Russian attacks in the months of May and June can be read as a part of Russia’s tactics to pressure the international community before several high-level meetings regarding Syria, including President Vladimir Putin’s meeting with US President Biden, the 16th round of the Astana talks and finally the United Nations meeting regarding the extension of the use of border crossings for humanitarian aid. 

It was expected that the attacks would slow down after those meetings. On the contrary, the attacks increased significantly and the regime and Moscow began targeting different sites, most of which were residential and infrastructure sites. It is therefore worth taking a closer look at Russia’s air strike strategy and its goals for the region. 

Intensifying attacks

Russia and the regime conducted 34 attacks during the month of May, primarily targeting civilians. While 68 percent of the targeted locations were within the de-escalation zone — where there is a deal with Turkey, 32 percent were in other locations.

In June, Russia and the regime increased the number of attacks to 66, killing 42 civilians. The ratio of hits within the de-escalation zone also rose in an obvious way: 96 percent of the targets were within the boundaries of the de-escalation zone and near Turkish Armed Forces’ locations. This was done in conjunction with Russia hinting that it may take military action on Jabal al Zawiya, an area of strategic importance. 

The timing of the escalation suggests that it aimed to serve Russia's political objectives. Russia aimed to pressure international actors, particularly Turkey, to improve its negotiation terms in the UN Security Council sessions regarding the UN Resolution 2533 extensions, which Moscow aimed to block. There were also indications that there could be new waves of displacement, which it could use to pressure other actors. 

In July, the UN Security Council extended the use of humanitarian border crossings into Syria, and Russia and the regime increased their attacks, conducting 114 strikes and over 18 raids on civilian and civil defence locations in northern Idlib, killing more than 45 civilians. 81 percent of the targeted locations were within the de-escalation zone.

Future goals and scenarios

Between May and June, Russia worked to deliver a clear message to Ankara, showing its ability to escalate and urging it to make concessions. This was illustrated in the number of June strikes targeting points in Jabal al Zawiya, most of which were areas with Turkish military presence, including heavy armoured vehicles.

Other

Whoever controls Jabal al Zawiya can implement a full fire control over northern Idlib.

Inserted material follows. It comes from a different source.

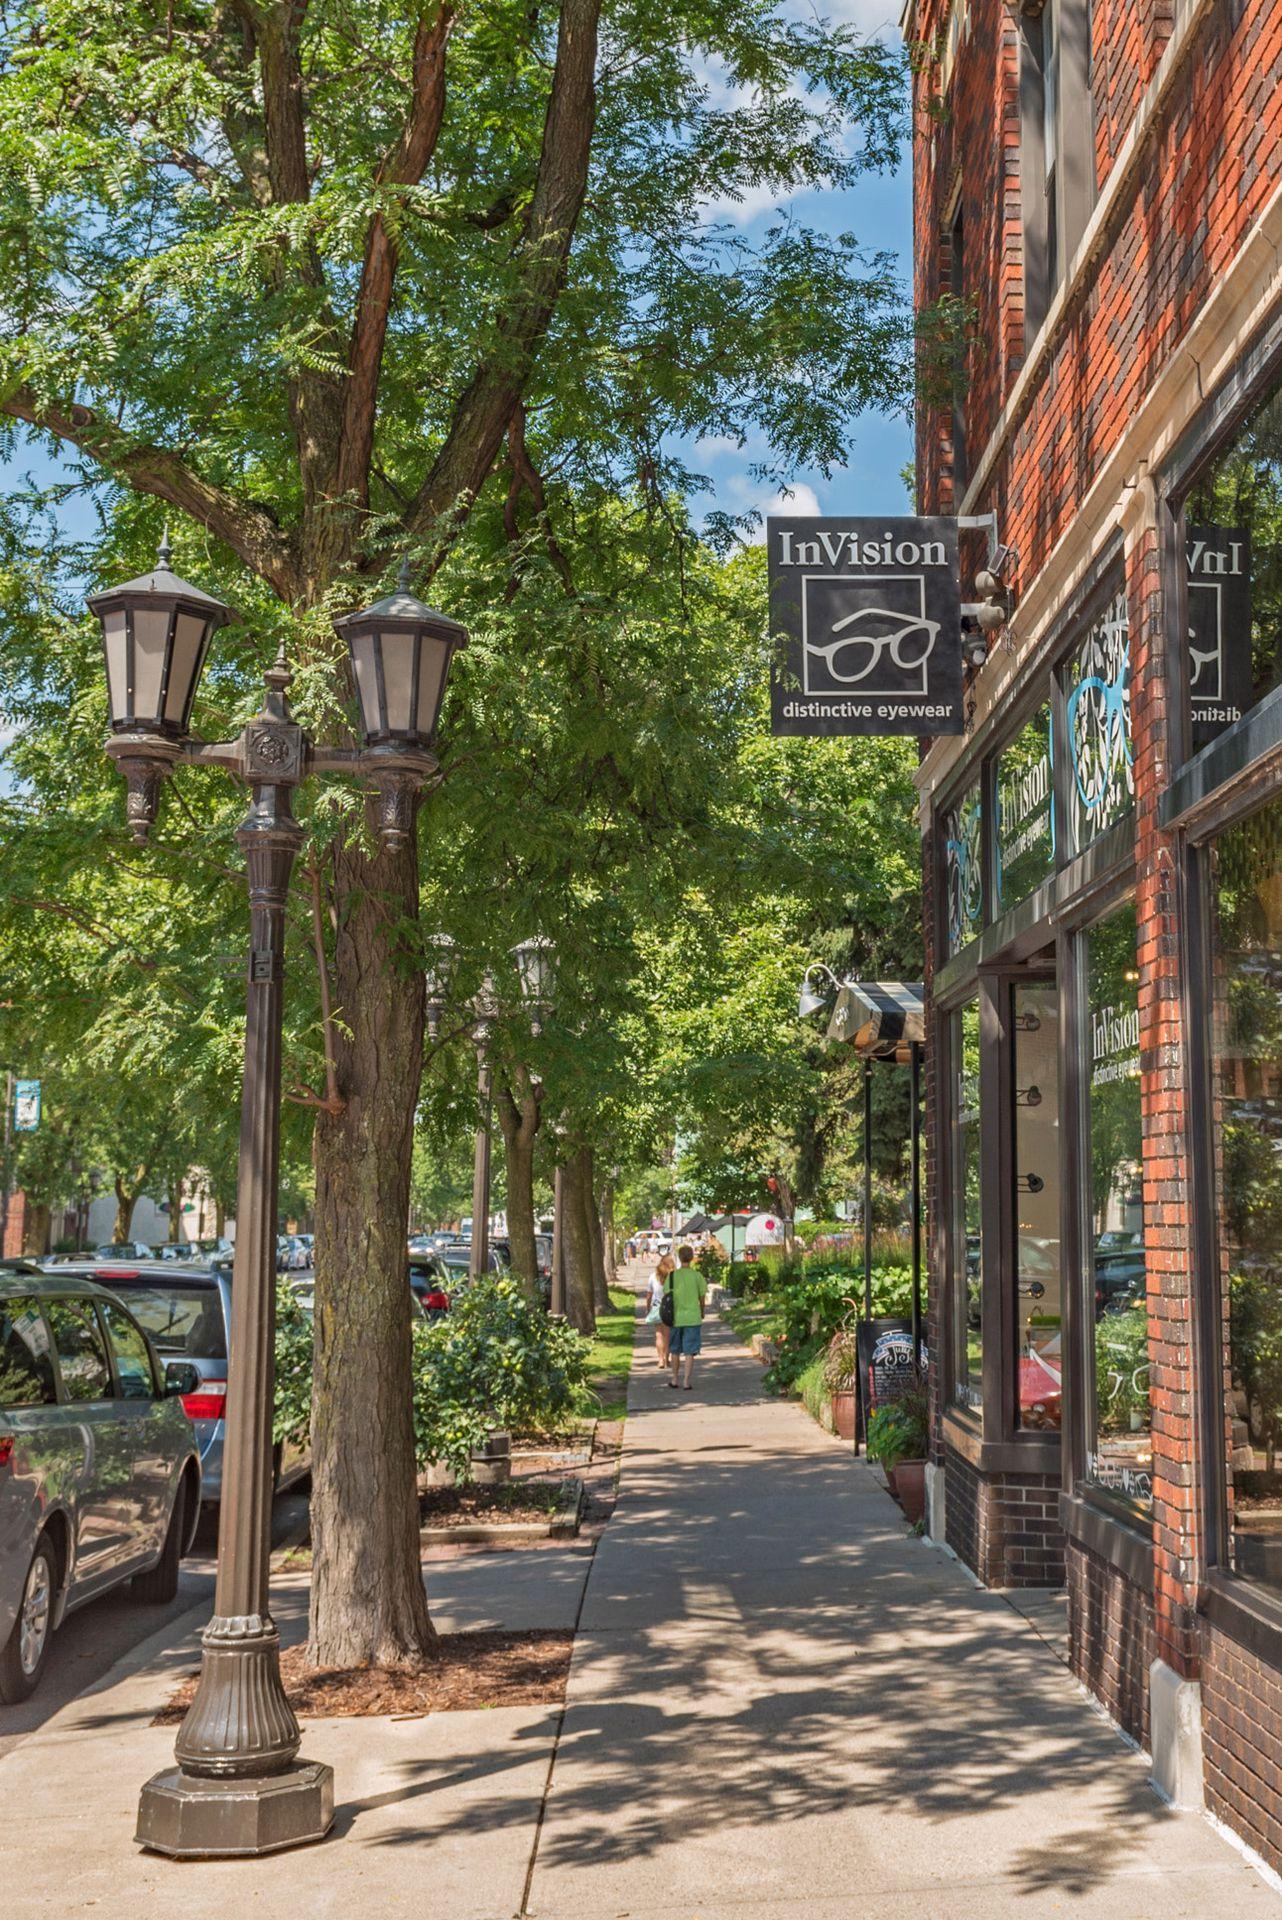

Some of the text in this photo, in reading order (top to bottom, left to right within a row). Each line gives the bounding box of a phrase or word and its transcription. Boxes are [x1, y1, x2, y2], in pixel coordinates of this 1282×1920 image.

[779, 531, 948, 566] InVision
[783, 702, 953, 720] distinctive eyewear
[1092, 1002, 1140, 1060] InVision

The region is also a node that connects Idlib, western Hama and northern Latakia, and controlling it will give the regime a major advantage for launching ground attack on those areas.

Despite their previous efforts and the intensity of air strikes, a ground operation by Russia and the regime in the area remains difficult for several reasons. 

First, the heavy military presence of the Turkish Army and Syrian National Army in the Jabal al Zawiya region in the vicinity of the M4 international road makes it a risky endeavour. Second, Jabal Al Zawiya is a mountainous region that is difficult to navigate. Finally, there isn’t enough manpower for a ground operation in the region, as it would require pulling pro-regime troops out of the ongoing battles against Daesh cells in the Syrian Desert (Badia). 

Instead, Russia and the regime will continue bombing these areas, in case they want to launch an operation in the future. Meanwhile, Russia’s strategy will be to continue targeting random areas in Idlib, including the area south of the M4, to make the region as unlivable as possible for those living there. In doing so, Russia can create new waves of displacement towards northern Idlib and pressure Turkey. 

Moscow will also continue to hit the opposition forces' defence lines to wear them out and may work to create a fragile security reality in opposition-controlled areas with the aim of facilitating a possible ground operation in the future. 

These past few months, Russia escalated its attacks before the Security Council meeting to achieve its goals. As a next step, Russia will likely try to barter by offering to ease its strikes and its position on humanitarian crossings in exchange for America's reconsideration of the Caesar sanctions against the Syrian regime.